The WG is looking closely at open-RAN deployments, proposed by 22 operators so far, Gyurek said. The group is tracking the scalability, deployment capabilities and challenges posed, he said. Projections are O-RAN can cut network costs 35-49%, he said. “This is moving fairly quickly” and it's the right time to make policy recommendations, he said.

The WG is looking at 6G, which some believe could launch as early as 2028, Daly said. The “bottom line” is “6G is happening around us, if we want to lead, now is the time to engage,” he said.

TAC Chair Dennis Roberson said it’s “disappointing to all of us” the coronavirus slowed standards. “Still, things are moving forward.” 6G “is coming,” he said: “If we really want to be leaders, we need to be thinking about 6G.”

Unlicensed spectrum has worked best when the FCC keeps ahead of both demand and technology, said Brian Markwalter, CTA senior vice president-research and standards, co-chair of the Future of Unlicensed Operations WG. “What tends to work is finding the spectrum ahead of the obvious demand, and then adjust as we learn." Markwalter’s biggest “takeaway” is the FCC's actions to provide unlicensed spectrum are “justified in the economic value we have seen brought to the market.” CTA sees recent FCC action on 6 GHz (see 2004230059) as a “necessary addition” to meet growing mid-band demand, he said.

Wireless ISPs offer a case study of the importance of unlicensed spectrum, said Kevin Leddy, Charter vice president-technology planning. “They are six times as cost-effective as fiber,” he said: “By relying on these unlicensed bands, they are able to offer a good broadband experience in very low-density rural towns, where other ISP's just cannot reach.”

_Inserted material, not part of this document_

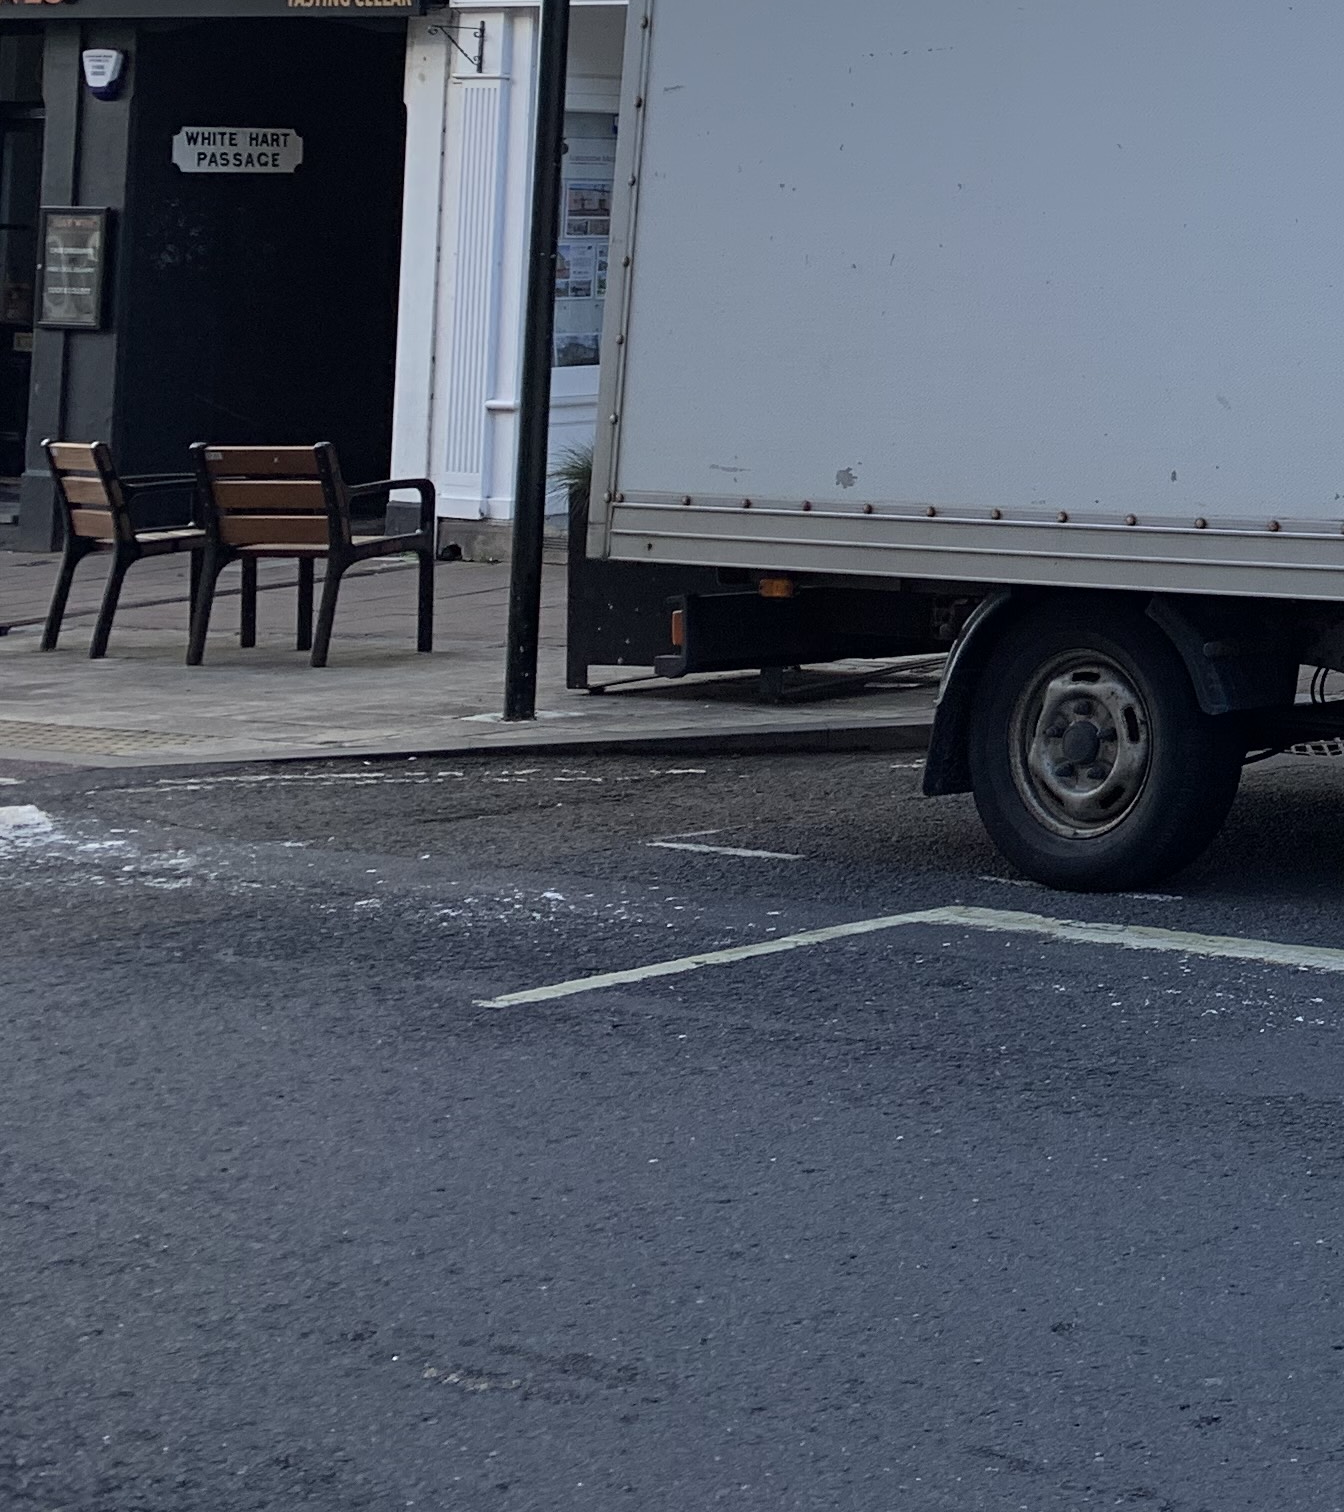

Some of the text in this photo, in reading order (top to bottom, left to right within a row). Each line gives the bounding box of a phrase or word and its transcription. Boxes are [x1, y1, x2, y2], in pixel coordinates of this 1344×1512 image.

[185, 132, 290, 147] WHITE HART
[197, 152, 280, 167] PASSAGE

The Artificial Intelligence and Computing WG plans to recommend the FCC develop an AI strategy, said co-chair Adam Drobot, chairman of OpenTechWorks. "AI impacts so many different aspects of what the FCC does that having that kind of strategy in place is … important to be prepared for the kind of issues that will end up in front of the FCC.”

Be ready,” Drobot advised: “AI is not all mature technology, but there is a lot of it already deployed in the marketplace. There's a tremendous investment.” Such issues will reach the FCC faster than most expect, he said.